Larry Carrino of Brustman Carrino Public Relations has been covering PR in the culinary world for the past 20 years.

“For many years it was South Beach and nothing else,” he says. “That’s not to say there weren’t restaurants in Broward and Palm Beach counties, but in terms of how the national media perceived of our region, Miami Beach was where anything noteworthy in the culinary world was happening.

“In the last five years alone there are now many serious restaurants outside of Miami Beach that are deserving of national recognition. Visitors who are serious about food plan Fort Lauderdale into their itinerary. It has great beaches, culture, amazing food and very talented chefs, great bars and fabulous mixology. Fort Lauderdale is light years ahead of where it was.”

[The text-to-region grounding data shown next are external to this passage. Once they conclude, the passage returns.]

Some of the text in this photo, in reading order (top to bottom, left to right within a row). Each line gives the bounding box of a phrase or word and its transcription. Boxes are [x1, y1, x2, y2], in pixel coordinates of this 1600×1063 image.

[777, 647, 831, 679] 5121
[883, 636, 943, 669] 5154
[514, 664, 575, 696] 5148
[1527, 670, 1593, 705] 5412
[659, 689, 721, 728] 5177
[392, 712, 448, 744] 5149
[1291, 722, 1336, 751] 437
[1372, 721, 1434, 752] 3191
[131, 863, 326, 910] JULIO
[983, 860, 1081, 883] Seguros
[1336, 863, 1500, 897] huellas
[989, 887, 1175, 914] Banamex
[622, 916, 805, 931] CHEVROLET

Lee Schrager, creator of Miami’s South Beach Food & Wine Festival, agrees. In 2016, the festival’s kick-off events will be held not in Miami but in Fort Lauderdale. The city’s growing dining scene and diverse mix of quality food, drink and atmosphere gained the festival organizers’ attention.

“It’s certainly a community of talent we’ve had our eye on,” says Schrager, “and this is an opportunity to really highlight the culinary scene in Fort Lauderdale.”

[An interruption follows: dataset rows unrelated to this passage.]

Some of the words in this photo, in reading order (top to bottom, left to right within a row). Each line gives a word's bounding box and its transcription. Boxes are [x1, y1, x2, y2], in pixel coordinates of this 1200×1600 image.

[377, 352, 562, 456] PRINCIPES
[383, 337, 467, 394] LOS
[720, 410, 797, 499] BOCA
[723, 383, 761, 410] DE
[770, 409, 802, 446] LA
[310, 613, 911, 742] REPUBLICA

When Chef Giovanni Rocchio opened the original Fort Lauderdale location of his renowned Valentino Cucina Italiana in 2006, it was sought out by foodies and promoted by word of mouth. Today his larger location at 620 N. Federal Highway, which opened in 2012, is packed nightly with people (like me) who don’t even open the menu and instead sit back to be “wowed.”

“Our clientele encourage us to think outside of the box,” Rocchio says. “Guests are willing to try anything creative. They are worldly and well-traveled, so we aren’t afraid to elevate their dining experience.”

Rocchio says the different produce now available from local farms popping up all over the state to provide everything from vegetables to Wagyu beef help chefs create sophisticated dining experiences.

When Rocchio opened his new Valentino, he created an open kitchen to give his guests a full sensory experience.

“Cooking is an art form,” he says. “Having the guests watch our chefs in action encourages them to push for even more creative dishes to provide that ‘wow’ factor.”

Chef Angelo Elia, whose Casa D’Angelo (1201 N. Federal Highway) has consistently ranked as one of the best Italian restaurants in the area, says that the restaurant scene has changed immensely.

“The county is always growing, and a large variety of the population are looking for new, creative food and restaurants,” he says. “We are constantly trying to re-invent our talents.

What’s new for Elia apart from his tapas concepts popping up here and there?

“Brunch!” he says. “I love brunch. This is the meal that my family and I loved coming together for. I tend to prepare traditional Tuscan dishes, using only the finest ingredients and making virtually everything from scratch, so I was beyond excited to try something new and offer brunch to my guests.”

The emphasis on quality ingredients is definitely here to stay, but once that becomes established, what’s next?

“There is always some new trend when it comes to dining out,” Elia says. “New diets, new hot spots to dine at. It is up to chefs and restaurateurs to develop exciting ways to bring repeat guests.”

I’ll toast to that with a fresh-pressed juice in an eco-friendly cup.